--- Dataset records Enclosed Below ---

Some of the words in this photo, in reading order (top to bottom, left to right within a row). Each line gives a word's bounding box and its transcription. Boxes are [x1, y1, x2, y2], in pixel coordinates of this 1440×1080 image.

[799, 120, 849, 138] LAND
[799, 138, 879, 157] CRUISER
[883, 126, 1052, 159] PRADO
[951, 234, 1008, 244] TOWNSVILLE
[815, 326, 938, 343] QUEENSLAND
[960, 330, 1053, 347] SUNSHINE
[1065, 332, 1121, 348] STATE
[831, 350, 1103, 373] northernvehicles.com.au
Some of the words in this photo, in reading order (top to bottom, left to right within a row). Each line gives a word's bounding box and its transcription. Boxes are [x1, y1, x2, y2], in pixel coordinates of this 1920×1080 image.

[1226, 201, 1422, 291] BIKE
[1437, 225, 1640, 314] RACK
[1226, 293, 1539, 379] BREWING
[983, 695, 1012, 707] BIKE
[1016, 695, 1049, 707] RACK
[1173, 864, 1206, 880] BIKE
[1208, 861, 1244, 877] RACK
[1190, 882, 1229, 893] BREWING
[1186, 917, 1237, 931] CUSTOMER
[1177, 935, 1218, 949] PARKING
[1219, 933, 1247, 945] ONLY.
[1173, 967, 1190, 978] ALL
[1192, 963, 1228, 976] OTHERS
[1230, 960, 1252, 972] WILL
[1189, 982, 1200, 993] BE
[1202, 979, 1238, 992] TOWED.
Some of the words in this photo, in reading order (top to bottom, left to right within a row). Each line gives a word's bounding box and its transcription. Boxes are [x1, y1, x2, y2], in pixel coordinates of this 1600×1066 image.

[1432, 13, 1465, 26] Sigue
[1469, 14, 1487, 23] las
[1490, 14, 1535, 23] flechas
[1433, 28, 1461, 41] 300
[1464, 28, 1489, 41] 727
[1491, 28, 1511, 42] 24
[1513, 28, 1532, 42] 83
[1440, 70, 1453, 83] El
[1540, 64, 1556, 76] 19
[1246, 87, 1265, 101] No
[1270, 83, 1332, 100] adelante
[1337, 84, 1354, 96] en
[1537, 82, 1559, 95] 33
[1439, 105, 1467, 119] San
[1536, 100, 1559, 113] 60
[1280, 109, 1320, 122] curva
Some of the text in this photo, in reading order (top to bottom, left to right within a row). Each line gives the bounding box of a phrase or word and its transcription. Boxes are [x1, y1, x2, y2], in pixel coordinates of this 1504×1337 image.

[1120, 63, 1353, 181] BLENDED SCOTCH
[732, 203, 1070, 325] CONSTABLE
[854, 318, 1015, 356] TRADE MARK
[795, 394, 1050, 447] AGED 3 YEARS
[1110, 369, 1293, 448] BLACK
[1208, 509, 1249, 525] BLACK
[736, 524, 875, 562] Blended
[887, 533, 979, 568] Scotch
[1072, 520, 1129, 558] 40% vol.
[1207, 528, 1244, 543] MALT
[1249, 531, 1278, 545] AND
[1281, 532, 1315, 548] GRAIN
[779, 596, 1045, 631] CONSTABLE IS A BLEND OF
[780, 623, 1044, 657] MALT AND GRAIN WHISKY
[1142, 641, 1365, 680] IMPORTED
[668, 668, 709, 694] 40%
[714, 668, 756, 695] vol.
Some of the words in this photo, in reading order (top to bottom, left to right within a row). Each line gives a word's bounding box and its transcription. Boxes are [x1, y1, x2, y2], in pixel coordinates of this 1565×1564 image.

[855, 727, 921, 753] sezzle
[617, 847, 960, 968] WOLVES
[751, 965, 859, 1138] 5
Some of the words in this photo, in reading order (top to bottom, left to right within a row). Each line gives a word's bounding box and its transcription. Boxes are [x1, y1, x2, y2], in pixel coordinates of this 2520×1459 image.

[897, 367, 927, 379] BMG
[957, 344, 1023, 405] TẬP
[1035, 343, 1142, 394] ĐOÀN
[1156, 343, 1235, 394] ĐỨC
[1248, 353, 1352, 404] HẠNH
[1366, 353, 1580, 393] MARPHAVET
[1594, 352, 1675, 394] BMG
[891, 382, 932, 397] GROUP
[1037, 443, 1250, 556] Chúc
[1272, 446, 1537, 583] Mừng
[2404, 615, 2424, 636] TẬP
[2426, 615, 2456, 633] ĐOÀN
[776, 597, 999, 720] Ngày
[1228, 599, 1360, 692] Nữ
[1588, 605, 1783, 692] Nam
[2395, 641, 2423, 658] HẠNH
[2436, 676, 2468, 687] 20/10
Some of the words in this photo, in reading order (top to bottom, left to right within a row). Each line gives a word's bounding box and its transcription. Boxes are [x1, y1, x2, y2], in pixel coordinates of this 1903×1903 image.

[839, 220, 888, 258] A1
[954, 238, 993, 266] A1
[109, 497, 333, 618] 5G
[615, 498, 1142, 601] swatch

--- End of Enclosed Dataset records ---

- Exercise requirements -
After reading the entries, reproduce every one of them exactly.

- Result of this task -
Some of the words in this photo, in reading order (top to bottom, left to right within a row). Each line gives a word's bounding box and its transcription. Boxes are [x1, y1, x2, y2], in pixel coordinates of this 1440×1080 image.

[799, 120, 849, 138] LAND
[799, 138, 879, 157] CRUISER
[883, 126, 1052, 159] PRADO
[951, 234, 1008, 244] TOWNSVILLE
[815, 326, 938, 343] QUEENSLAND
[960, 330, 1053, 347] SUNSHINE
[1065, 332, 1121, 348] STATE
[831, 350, 1103, 373] northernvehicles.com.au
Some of the words in this photo, in reading order (top to bottom, left to right within a row). Each line gives a word's bounding box and its transcription. Boxes are [x1, y1, x2, y2], in pixel coordinates of this 1920×1080 image.

[1226, 201, 1422, 291] BIKE
[1437, 225, 1640, 314] RACK
[1226, 293, 1539, 379] BREWING
[983, 695, 1012, 707] BIKE
[1016, 695, 1049, 707] RACK
[1173, 864, 1206, 880] BIKE
[1208, 861, 1244, 877] RACK
[1190, 882, 1229, 893] BREWING
[1186, 917, 1237, 931] CUSTOMER
[1177, 935, 1218, 949] PARKING
[1219, 933, 1247, 945] ONLY.
[1173, 967, 1190, 978] ALL
[1192, 963, 1228, 976] OTHERS
[1230, 960, 1252, 972] WILL
[1189, 982, 1200, 993] BE
[1202, 979, 1238, 992] TOWED.
Some of the words in this photo, in reading order (top to bottom, left to right within a row). Each line gives a word's bounding box and its transcription. Boxes are [x1, y1, x2, y2], in pixel coordinates of this 1600×1066 image.

[1432, 13, 1465, 26] Sigue
[1469, 14, 1487, 23] las
[1490, 14, 1535, 23] flechas
[1433, 28, 1461, 41] 300
[1464, 28, 1489, 41] 727
[1491, 28, 1511, 42] 24
[1513, 28, 1532, 42] 83
[1440, 70, 1453, 83] El
[1540, 64, 1556, 76] 19
[1246, 87, 1265, 101] No
[1270, 83, 1332, 100] adelante
[1337, 84, 1354, 96] en
[1537, 82, 1559, 95] 33
[1439, 105, 1467, 119] San
[1536, 100, 1559, 113] 60
[1280, 109, 1320, 122] curva
Some of the text in this photo, in reading order (top to bottom, left to right within a row). Each line gives the bounding box of a phrase or word and its transcription. Boxes are [x1, y1, x2, y2], in pixel coordinates of this 1504×1337 image.

[1120, 63, 1353, 181] BLENDED SCOTCH
[732, 203, 1070, 325] CONSTABLE
[854, 318, 1015, 356] TRADE MARK
[795, 394, 1050, 447] AGED 3 YEARS
[1110, 369, 1293, 448] BLACK
[1208, 509, 1249, 525] BLACK
[736, 524, 875, 562] Blended
[887, 533, 979, 568] Scotch
[1072, 520, 1129, 558] 40% vol.
[1207, 528, 1244, 543] MALT
[1249, 531, 1278, 545] AND
[1281, 532, 1315, 548] GRAIN
[779, 596, 1045, 631] CONSTABLE IS A BLEND OF
[780, 623, 1044, 657] MALT AND GRAIN WHISKY
[1142, 641, 1365, 680] IMPORTED
[668, 668, 709, 694] 40%
[714, 668, 756, 695] vol.
Some of the words in this photo, in reading order (top to bottom, left to right within a row). Each line gives a word's bounding box and its transcription. Boxes are [x1, y1, x2, y2], in pixel coordinates of this 1565×1564 image.

[855, 727, 921, 753] sezzle
[617, 847, 960, 968] WOLVES
[751, 965, 859, 1138] 5
Some of the words in this photo, in reading order (top to bottom, left to right within a row). Each line gives a word's bounding box and its transcription. Boxes are [x1, y1, x2, y2], in pixel coordinates of this 2520×1459 image.

[897, 367, 927, 379] BMG
[957, 344, 1023, 405] TẬP
[1035, 343, 1142, 394] ĐOÀN
[1156, 343, 1235, 394] ĐỨC
[1248, 353, 1352, 404] HẠNH
[1366, 353, 1580, 393] MARPHAVET
[1594, 352, 1675, 394] BMG
[891, 382, 932, 397] GROUP
[1037, 443, 1250, 556] Chúc
[1272, 446, 1537, 583] Mừng
[2404, 615, 2424, 636] TẬP
[2426, 615, 2456, 633] ĐOÀN
[776, 597, 999, 720] Ngày
[1228, 599, 1360, 692] Nữ
[1588, 605, 1783, 692] Nam
[2395, 641, 2423, 658] HẠNH
[2436, 676, 2468, 687] 20/10
Some of the words in this photo, in reading order (top to bottom, left to right within a row). Each line gives a word's bounding box and its transcription. Boxes are [x1, y1, x2, y2], in pixel coordinates of this 1903×1903 image.

[839, 220, 888, 258] A1
[954, 238, 993, 266] A1
[109, 497, 333, 618] 5G
[615, 498, 1142, 601] swatch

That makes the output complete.